**WHAT THE TASK ASKS**
What you give back must match the data character for character.

# # # #

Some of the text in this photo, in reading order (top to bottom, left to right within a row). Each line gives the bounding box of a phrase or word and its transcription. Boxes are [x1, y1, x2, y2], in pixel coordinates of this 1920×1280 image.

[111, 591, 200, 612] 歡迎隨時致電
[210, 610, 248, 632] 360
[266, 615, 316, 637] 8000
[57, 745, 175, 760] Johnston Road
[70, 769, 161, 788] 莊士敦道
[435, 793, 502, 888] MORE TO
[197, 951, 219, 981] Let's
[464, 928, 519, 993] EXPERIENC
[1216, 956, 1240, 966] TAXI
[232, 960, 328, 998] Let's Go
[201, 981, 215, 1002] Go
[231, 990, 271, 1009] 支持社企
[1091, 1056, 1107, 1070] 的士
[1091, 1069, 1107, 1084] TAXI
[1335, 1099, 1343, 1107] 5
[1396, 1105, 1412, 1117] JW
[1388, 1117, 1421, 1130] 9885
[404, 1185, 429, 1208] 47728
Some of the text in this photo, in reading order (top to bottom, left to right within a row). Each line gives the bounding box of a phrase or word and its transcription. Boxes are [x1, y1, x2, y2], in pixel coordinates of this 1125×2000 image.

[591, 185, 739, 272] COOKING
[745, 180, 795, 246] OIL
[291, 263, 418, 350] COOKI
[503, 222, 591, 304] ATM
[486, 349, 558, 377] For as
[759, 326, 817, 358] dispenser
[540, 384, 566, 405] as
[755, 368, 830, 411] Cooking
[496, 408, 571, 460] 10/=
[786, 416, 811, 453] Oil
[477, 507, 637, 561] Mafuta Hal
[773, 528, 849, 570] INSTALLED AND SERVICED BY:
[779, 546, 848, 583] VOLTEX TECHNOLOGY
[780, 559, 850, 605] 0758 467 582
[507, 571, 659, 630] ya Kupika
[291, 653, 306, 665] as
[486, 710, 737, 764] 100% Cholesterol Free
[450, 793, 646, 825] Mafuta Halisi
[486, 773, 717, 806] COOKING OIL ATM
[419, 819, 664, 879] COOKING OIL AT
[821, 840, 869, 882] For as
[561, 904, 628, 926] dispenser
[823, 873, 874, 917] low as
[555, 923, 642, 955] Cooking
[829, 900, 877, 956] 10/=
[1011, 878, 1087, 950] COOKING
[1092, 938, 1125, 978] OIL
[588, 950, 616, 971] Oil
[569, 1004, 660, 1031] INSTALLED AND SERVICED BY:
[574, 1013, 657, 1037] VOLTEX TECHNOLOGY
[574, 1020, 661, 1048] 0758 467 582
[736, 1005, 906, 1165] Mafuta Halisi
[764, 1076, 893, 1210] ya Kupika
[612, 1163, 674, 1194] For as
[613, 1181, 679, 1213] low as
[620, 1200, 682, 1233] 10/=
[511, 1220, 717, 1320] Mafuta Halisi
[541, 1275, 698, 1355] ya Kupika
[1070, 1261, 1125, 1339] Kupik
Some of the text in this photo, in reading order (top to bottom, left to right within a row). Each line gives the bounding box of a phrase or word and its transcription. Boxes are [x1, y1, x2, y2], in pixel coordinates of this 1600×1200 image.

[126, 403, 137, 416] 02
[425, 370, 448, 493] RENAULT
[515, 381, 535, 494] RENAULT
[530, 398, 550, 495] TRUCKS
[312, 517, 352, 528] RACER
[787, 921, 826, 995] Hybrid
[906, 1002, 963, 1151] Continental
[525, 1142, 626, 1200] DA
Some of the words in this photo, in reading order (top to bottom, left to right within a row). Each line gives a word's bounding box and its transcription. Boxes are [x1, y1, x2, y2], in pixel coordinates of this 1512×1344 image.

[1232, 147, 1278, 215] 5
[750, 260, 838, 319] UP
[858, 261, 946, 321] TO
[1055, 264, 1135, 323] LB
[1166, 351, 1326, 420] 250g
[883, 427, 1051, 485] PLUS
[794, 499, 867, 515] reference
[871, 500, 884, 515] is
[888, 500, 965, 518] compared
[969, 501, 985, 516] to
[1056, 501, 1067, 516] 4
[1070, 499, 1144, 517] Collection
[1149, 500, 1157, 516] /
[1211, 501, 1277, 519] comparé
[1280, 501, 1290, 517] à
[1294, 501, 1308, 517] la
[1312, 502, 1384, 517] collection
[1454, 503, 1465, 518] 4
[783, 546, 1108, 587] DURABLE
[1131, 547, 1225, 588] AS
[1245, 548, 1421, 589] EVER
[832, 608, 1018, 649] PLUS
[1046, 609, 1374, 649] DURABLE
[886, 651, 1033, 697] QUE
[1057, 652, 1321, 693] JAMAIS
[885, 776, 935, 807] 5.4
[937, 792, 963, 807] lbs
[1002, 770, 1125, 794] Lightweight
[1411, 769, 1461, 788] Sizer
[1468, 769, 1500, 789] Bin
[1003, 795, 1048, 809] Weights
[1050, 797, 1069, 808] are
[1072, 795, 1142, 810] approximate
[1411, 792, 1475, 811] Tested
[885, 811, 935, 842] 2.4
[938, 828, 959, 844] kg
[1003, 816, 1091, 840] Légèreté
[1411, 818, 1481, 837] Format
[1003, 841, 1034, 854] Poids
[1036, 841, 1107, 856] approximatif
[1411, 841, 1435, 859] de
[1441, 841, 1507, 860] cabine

# # # #

**COMPLETED EXERCISE**
Some of the text in this photo, in reading order (top to bottom, left to right within a row). Each line gives the bounding box of a phrase or word and its transcription. Boxes are [x1, y1, x2, y2], in pixel coordinates of this 1920×1280 image.

[111, 591, 200, 612] 歡迎隨時致電
[210, 610, 248, 632] 360
[266, 615, 316, 637] 8000
[57, 745, 175, 760] Johnston Road
[70, 769, 161, 788] 莊士敦道
[435, 793, 502, 888] MORE TO
[197, 951, 219, 981] Let's
[464, 928, 519, 993] EXPERIENC
[1216, 956, 1240, 966] TAXI
[232, 960, 328, 998] Let's Go
[201, 981, 215, 1002] Go
[231, 990, 271, 1009] 支持社企
[1091, 1056, 1107, 1070] 的士
[1091, 1069, 1107, 1084] TAXI
[1335, 1099, 1343, 1107] 5
[1396, 1105, 1412, 1117] JW
[1388, 1117, 1421, 1130] 9885
[404, 1185, 429, 1208] 47728
Some of the text in this photo, in reading order (top to bottom, left to right within a row). Each line gives the bounding box of a phrase or word and its transcription. Boxes are [x1, y1, x2, y2], in pixel coordinates of this 1125×2000 image.

[591, 185, 739, 272] COOKING
[745, 180, 795, 246] OIL
[291, 263, 418, 350] COOKI
[503, 222, 591, 304] ATM
[486, 349, 558, 377] For as
[759, 326, 817, 358] dispenser
[540, 384, 566, 405] as
[755, 368, 830, 411] Cooking
[496, 408, 571, 460] 10/=
[786, 416, 811, 453] Oil
[477, 507, 637, 561] Mafuta Hal
[773, 528, 849, 570] INSTALLED AND SERVICED BY:
[779, 546, 848, 583] VOLTEX TECHNOLOGY
[780, 559, 850, 605] 0758 467 582
[507, 571, 659, 630] ya Kupika
[291, 653, 306, 665] as
[486, 710, 737, 764] 100% Cholesterol Free
[450, 793, 646, 825] Mafuta Halisi
[486, 773, 717, 806] COOKING OIL ATM
[419, 819, 664, 879] COOKING OIL AT
[821, 840, 869, 882] For as
[561, 904, 628, 926] dispenser
[823, 873, 874, 917] low as
[555, 923, 642, 955] Cooking
[829, 900, 877, 956] 10/=
[1011, 878, 1087, 950] COOKING
[1092, 938, 1125, 978] OIL
[588, 950, 616, 971] Oil
[569, 1004, 660, 1031] INSTALLED AND SERVICED BY:
[574, 1013, 657, 1037] VOLTEX TECHNOLOGY
[574, 1020, 661, 1048] 0758 467 582
[736, 1005, 906, 1165] Mafuta Halisi
[764, 1076, 893, 1210] ya Kupika
[612, 1163, 674, 1194] For as
[613, 1181, 679, 1213] low as
[620, 1200, 682, 1233] 10/=
[511, 1220, 717, 1320] Mafuta Halisi
[541, 1275, 698, 1355] ya Kupika
[1070, 1261, 1125, 1339] Kupik
Some of the text in this photo, in reading order (top to bottom, left to right within a row). Each line gives the bounding box of a phrase or word and its transcription. Boxes are [x1, y1, x2, y2], in pixel coordinates of this 1600×1200 image.

[126, 403, 137, 416] 02
[425, 370, 448, 493] RENAULT
[515, 381, 535, 494] RENAULT
[530, 398, 550, 495] TRUCKS
[312, 517, 352, 528] RACER
[787, 921, 826, 995] Hybrid
[906, 1002, 963, 1151] Continental
[525, 1142, 626, 1200] DA
Some of the words in this photo, in reading order (top to bottom, left to right within a row). Each line gives a word's bounding box and its transcription. Boxes are [x1, y1, x2, y2], in pixel coordinates of this 1512×1344 image.

[1232, 147, 1278, 215] 5
[750, 260, 838, 319] UP
[858, 261, 946, 321] TO
[1055, 264, 1135, 323] LB
[1166, 351, 1326, 420] 250g
[883, 427, 1051, 485] PLUS
[794, 499, 867, 515] reference
[871, 500, 884, 515] is
[888, 500, 965, 518] compared
[969, 501, 985, 516] to
[1056, 501, 1067, 516] 4
[1070, 499, 1144, 517] Collection
[1149, 500, 1157, 516] /
[1211, 501, 1277, 519] comparé
[1280, 501, 1290, 517] à
[1294, 501, 1308, 517] la
[1312, 502, 1384, 517] collection
[1454, 503, 1465, 518] 4
[783, 546, 1108, 587] DURABLE
[1131, 547, 1225, 588] AS
[1245, 548, 1421, 589] EVER
[832, 608, 1018, 649] PLUS
[1046, 609, 1374, 649] DURABLE
[886, 651, 1033, 697] QUE
[1057, 652, 1321, 693] JAMAIS
[885, 776, 935, 807] 5.4
[937, 792, 963, 807] lbs
[1002, 770, 1125, 794] Lightweight
[1411, 769, 1461, 788] Sizer
[1468, 769, 1500, 789] Bin
[1003, 795, 1048, 809] Weights
[1050, 797, 1069, 808] are
[1072, 795, 1142, 810] approximate
[1411, 792, 1475, 811] Tested
[885, 811, 935, 842] 2.4
[938, 828, 959, 844] kg
[1003, 816, 1091, 840] Légèreté
[1411, 818, 1481, 837] Format
[1003, 841, 1034, 854] Poids
[1036, 841, 1107, 856] approximatif
[1411, 841, 1435, 859] de
[1441, 841, 1507, 860] cabine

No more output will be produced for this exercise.